Recently, endoscopic thoracic (T2-3) sympathectomy (ETS) has been widespread as a highly effective treatment for palmar hyperhidrosis. Since the T2-3 sympathetic ganglia are involved in the direct sympathetic innervation of the heart, it is possible that T2-3 sympathectomy would alter baroreflex control of heart rate. Purpose of our study is to examine the influence of ETS on baroreflex response.


After approval by our Institution Committee and obtaining the informed consent from each patient, we studied 16 patients (ASA physical status I) with palmar hyperhidrosis, who were scheduled to receive the ETS under general anesthesia. All patients were free of cardiac disease and did not take any drugs known to influence the cardiovascular and neuroendocrine systems. After intubation, anesthesia was maintained at sevoflurane 1.0-1.5% and 100% oxygen during study. Patients were randomized to receive either pressor (n=8, 25.5±11 yr old) or depressor (n=8, 25.8±9.2 yr old) test. Each test was performed before and after the ETS. In the ETS procedure, the sympathetic trunk was identified at the second and third dorsal rib heads using the thoracic endoscopy and was transected. The pressor or depressor test was performed using intravenous infusions of phenylephrine or nitroglycerin, respectively, in order to change systolic blood pressure (SBP) by 20-30 mmHg. Measurement of R-R intervals was obtained from electrocardiography and SBP was measured through a radial arterial catheter. R-R intervals were plotted against the preceding arterial pulse, and the data from the pressor and depressor tests were analyzed using least square linear regression analysis. Baroreflex sensitivity was expressed as the slope of regression. For comparisons between pre- and post-ETS, a paired t test was used. All values were expressed as mean±SD. A P value<0.05 was considered to be statistical significant.
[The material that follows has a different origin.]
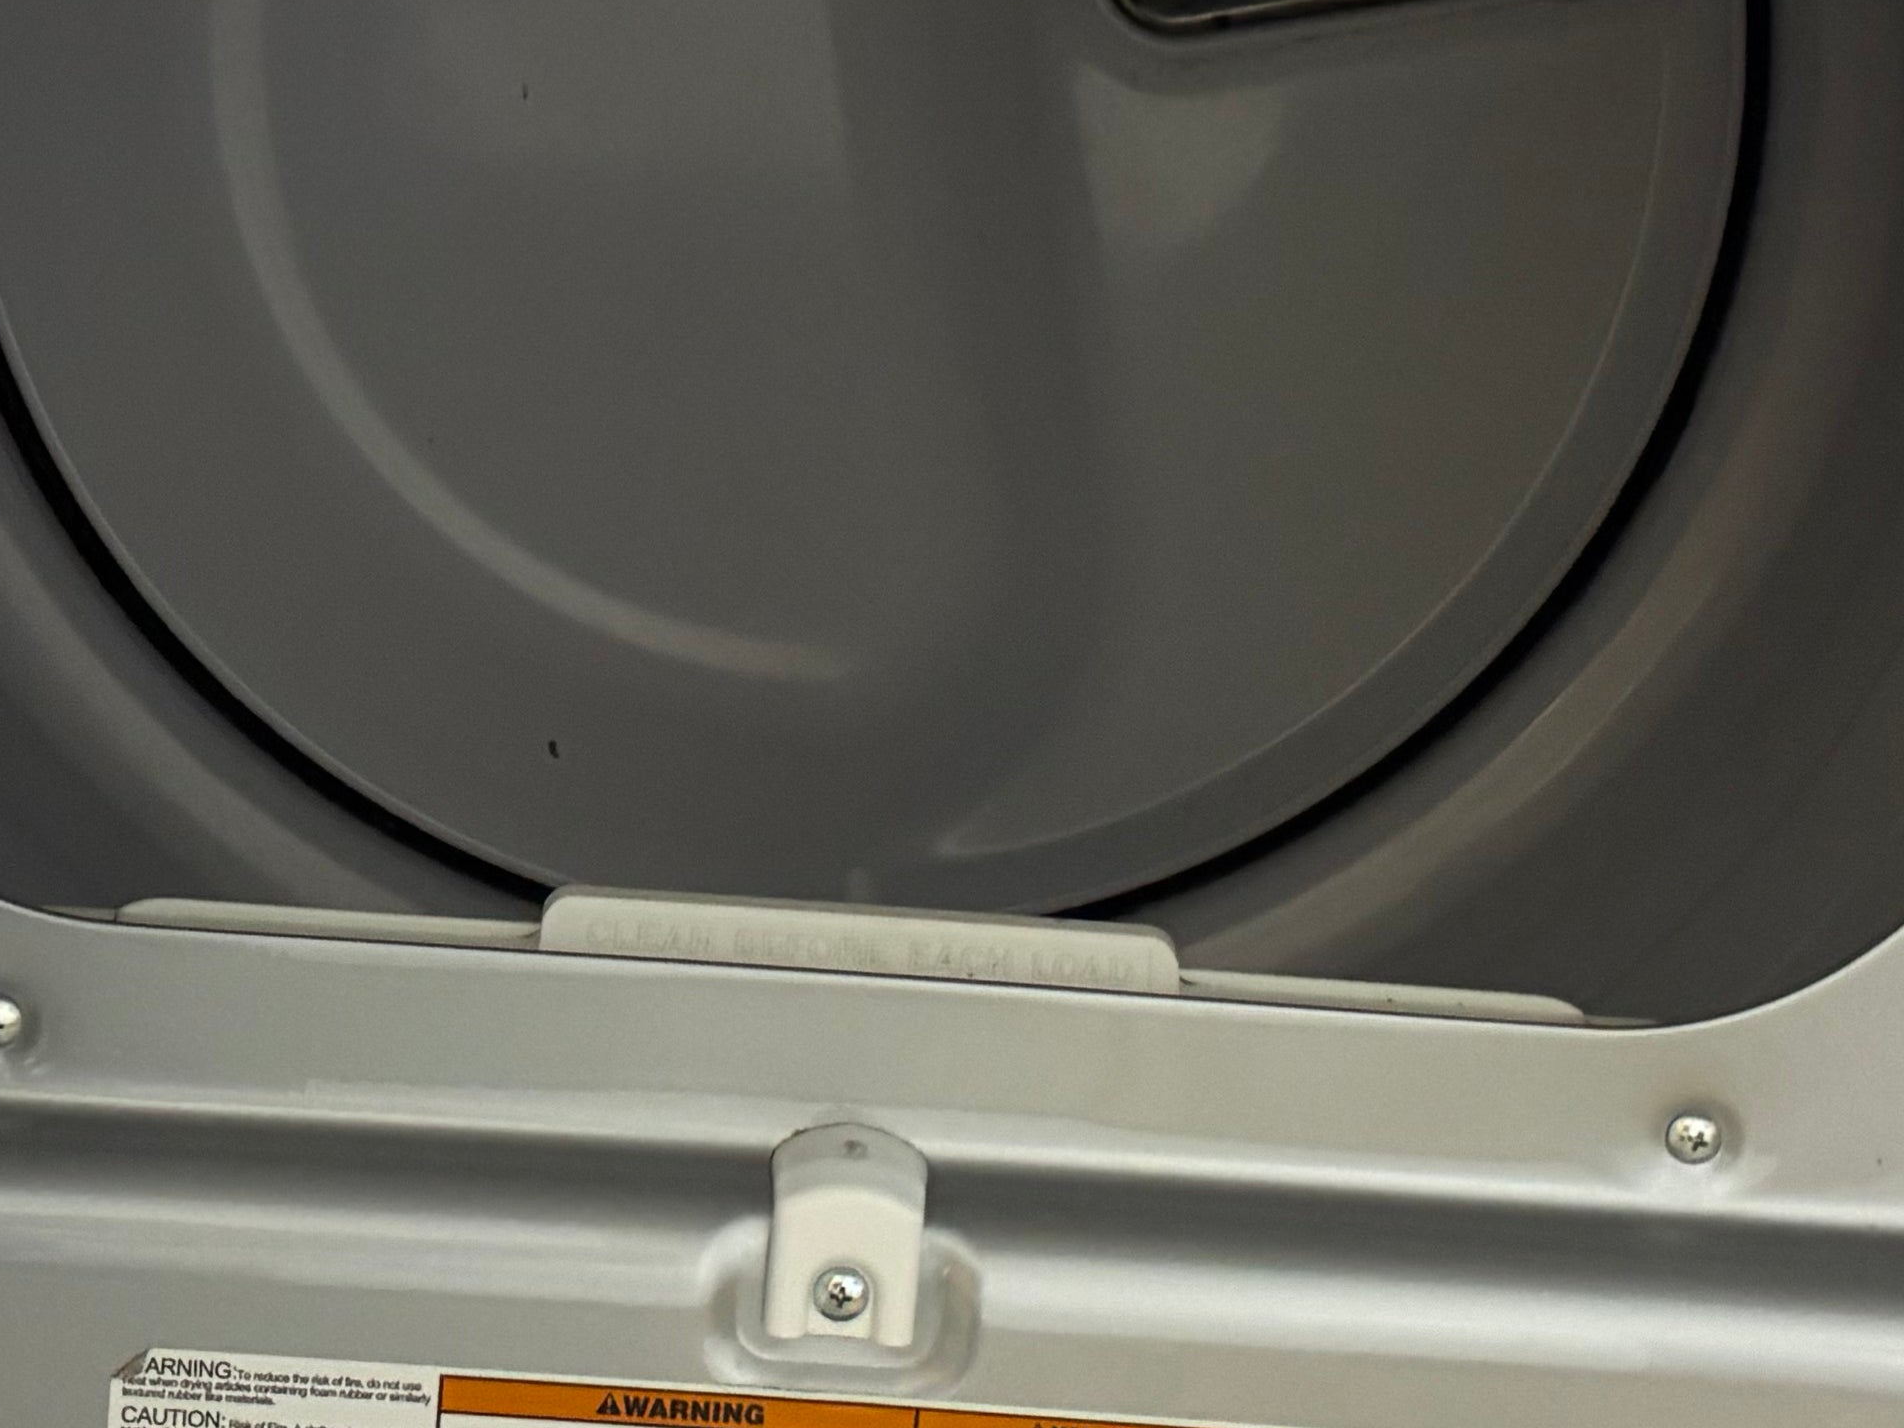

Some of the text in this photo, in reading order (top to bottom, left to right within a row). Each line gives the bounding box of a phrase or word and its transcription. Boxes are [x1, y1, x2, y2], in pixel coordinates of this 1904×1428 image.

[144, 1354, 237, 1380] ARNING:
[121, 1405, 226, 1428] CAUTION:
[623, 1395, 764, 1425] WARNING
Before and after the ETS, there were no significant differences in resting SBP (105.0±8.7 and 105.3±13.7 mmHg, respectively) and heart rate (88.9±14.4 and 86.0±15.1 beats/min, respectively). In the pressor test, the ETS produced a significant suppression of baroreflex response in all petient studied; baroreflex sensitivity before and after the ETS were 7.6±2.8 and 3.4±2.5 msec/mmHg, respectively (P<0.05). In the depressor test, the ETS also suppressed baroreflex response. In two of eight patients, baroreflex response was completely suppressed after the ETS. Baroreflex sensitivity before and after the ETS were 3.8±0.4 and 1.2±1.4 msec/mmHg, respectively (P<0.05). All patients showed the increase in skin temperatures of bilateral palmars and arms, and the ceasing sweat after the ETS, indicating successful T2-3 sympathectomy.


Our results indicated that T2-3 sympathectomy suppressed baroreflex control of heart rate in both pressor and depressor tests in the patients with palmar hyperhidrosis. We should note that baroreflex response for maintaining cardiovascular stability is suppressed in the patients who received the ETS.